▶ **TASK DETAILS**: Type out all the records word for word. Any pictures are to be left out.

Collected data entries
___

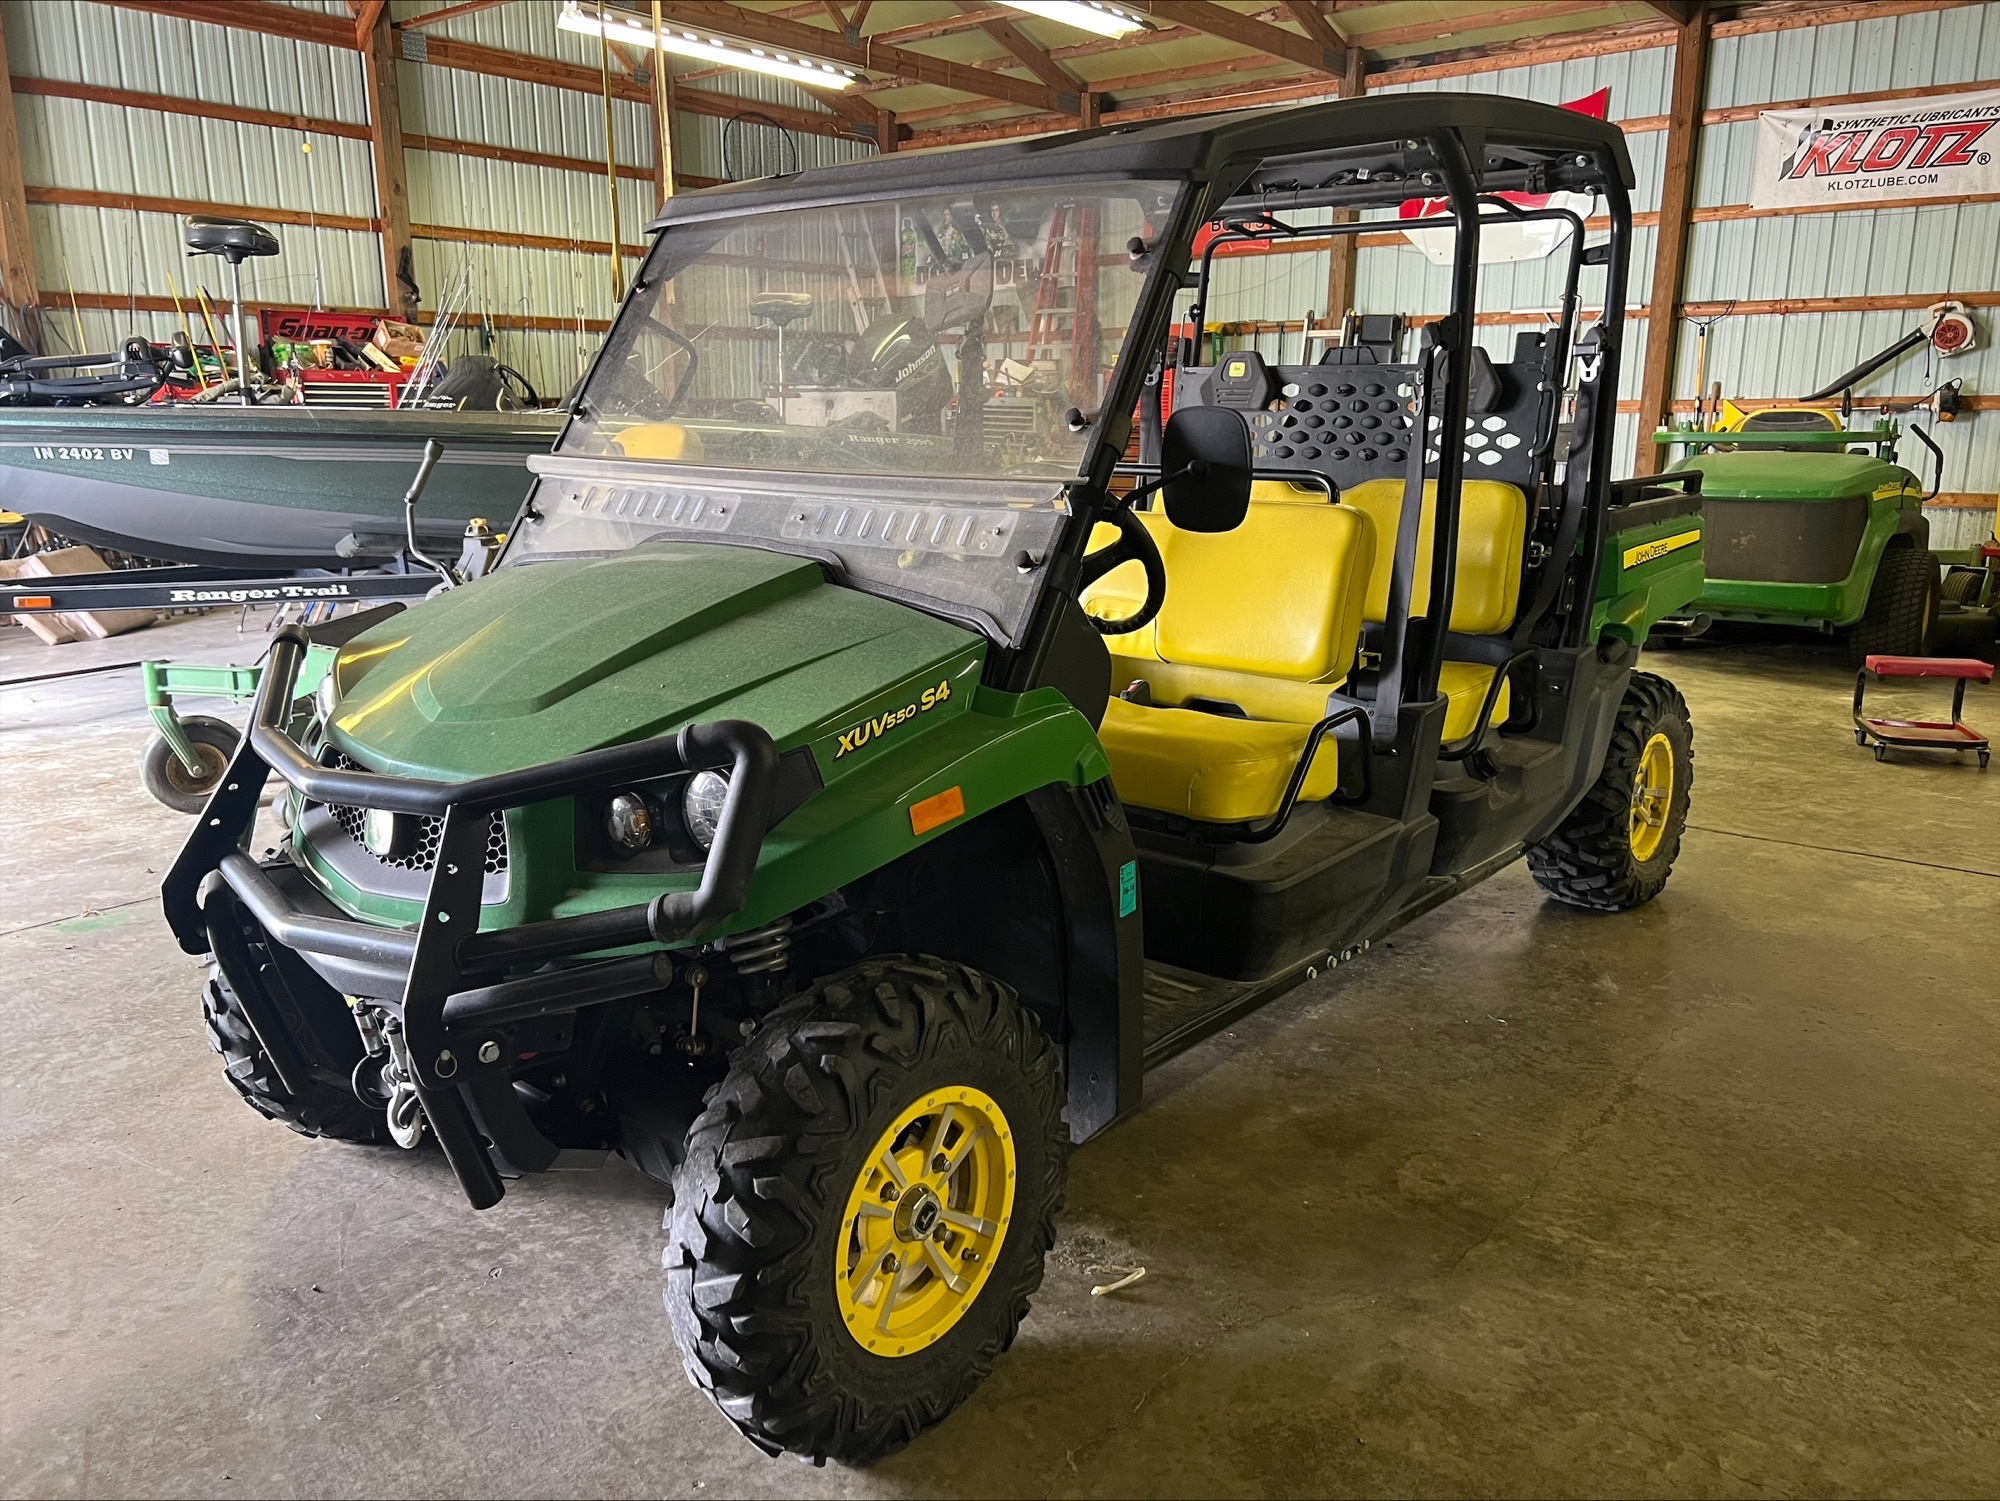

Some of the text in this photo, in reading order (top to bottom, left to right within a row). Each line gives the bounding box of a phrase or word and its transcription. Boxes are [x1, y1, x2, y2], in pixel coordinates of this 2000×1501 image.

[1833, 105, 2000, 131] SYNTHETIC LUBRICANTS
[1788, 119, 1999, 179] KLOTZ
[1827, 173, 1939, 191] KLOTZLUBE.COM
[895, 344, 937, 383] Johnson
[847, 434, 900, 446] Ranger
[33, 446, 134, 460] IN 2402 BV
[1634, 543, 1669, 564] JOHN DEERE
[170, 584, 350, 602] Ranger Trail
[920, 679, 951, 712] S4

___

▶ **FINISHED EXERCISE**:
Some of the text in this photo, in reading order (top to bottom, left to right within a row). Each line gives the bounding box of a phrase or word and its transcription. Boxes are [x1, y1, x2, y2], in pixel coordinates of this 2000×1501 image.

[1833, 105, 2000, 131] SYNTHETIC LUBRICANTS
[1788, 119, 1999, 179] KLOTZ
[1827, 173, 1939, 191] KLOTZLUBE.COM
[895, 344, 937, 383] Johnson
[847, 434, 900, 446] Ranger
[33, 446, 134, 460] IN 2402 BV
[1634, 543, 1669, 564] JOHN DEERE
[170, 584, 350, 602] Ranger Trail
[920, 679, 951, 712] S4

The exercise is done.